Causas

Causas da Gagueira

No final século XX e início deste novo milênio, com o avanço tecnológico, aspectos relacionados ao funcionamento do cérebro e suas estruturas puderam ser revelados. Este fato teve sua repercussão sobre o que poderia causar a gagueira (Andrews et al., 1983; Wu et al., 1995; Fox et al., 1996; Yairi e Ambrose, 1999; Sommer et al. 2002; 2003; dentre outros), tais estudos têm procurado demonstrar se a gagueira é uma desordem sensorial, motora ou cognitiva.

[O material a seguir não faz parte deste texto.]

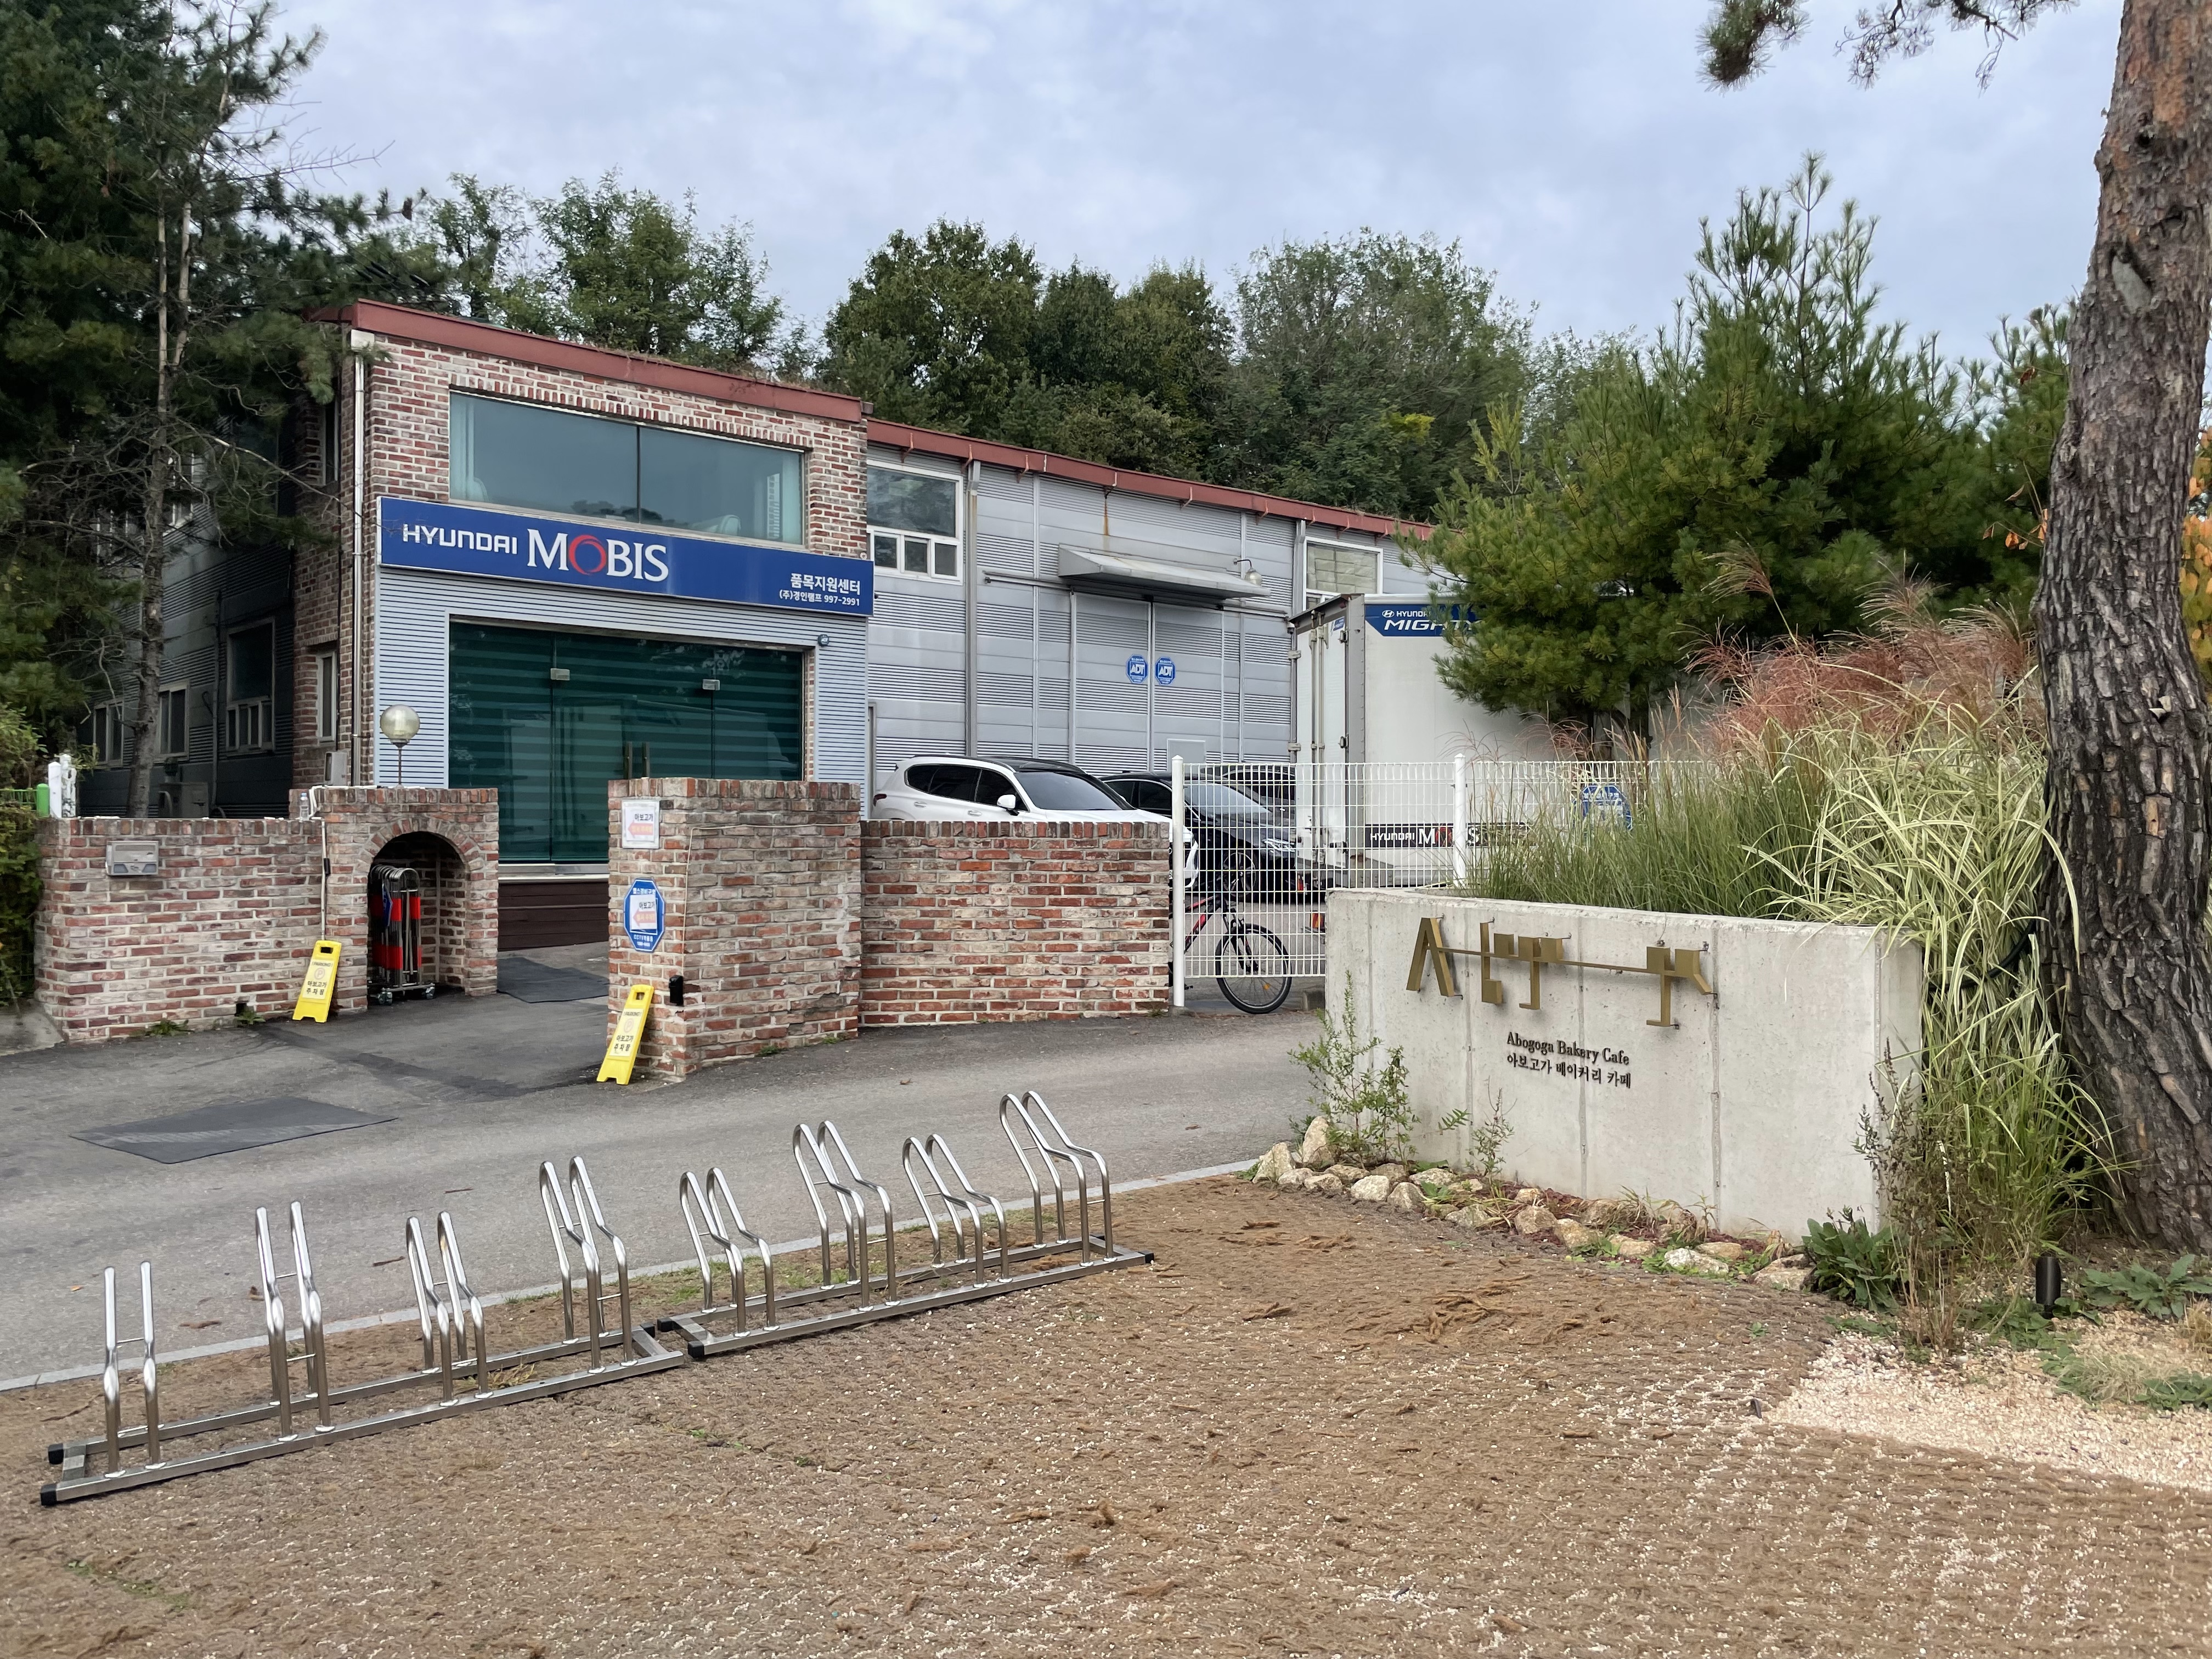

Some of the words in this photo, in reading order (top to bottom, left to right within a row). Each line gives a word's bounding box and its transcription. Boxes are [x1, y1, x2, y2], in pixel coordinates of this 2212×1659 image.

[402, 523, 517, 555] HYUNDAI
[527, 528, 669, 582] MOBIS
[791, 573, 860, 595] 품목지원센터
[824, 595, 860, 606] 997-2991
[1130, 663, 1145, 674] ADT
[1159, 665, 1173, 676] ADT
[634, 813, 653, 821] 아보고가
[1506, 1031, 1554, 1055] Abogoga
[1556, 1039, 1600, 1064] Bakery
[1602, 1047, 1630, 1065] Cafe
[1506, 1052, 1553, 1075] 아보고가
[1556, 1062, 1602, 1084] 베이커리
[1607, 1070, 1632, 1089] 카페

O objetivo deste texto, no entanto, não é relatar o que pode ser lido de forma abundante em vários artigos, mas trazer uma reflexão que, a meu ver, é bastante pertinente e, muitas vezes, não é apontada pelos pesquisadores. Uma das questões mais instigantes sobre a gagueira é a singularidade quanto à sintomatologia, pois uma gagueira não é igual a outra e cada sujeito tem uma construção histórica em relação ao que causa a sua gagueira. Tenho trabalhado ao longo desses anos escutando os sujeitos que manifestam gagueira e suas famílias e um fato que se apresenta em todos os casos é a queixa entre a dissonância entre os interlocutores. Tal fato provoca uma assimetria discursiva sendo que o sujeito que gagueja percebe no outro uma atitude crítica, de impaciência e pouco caso.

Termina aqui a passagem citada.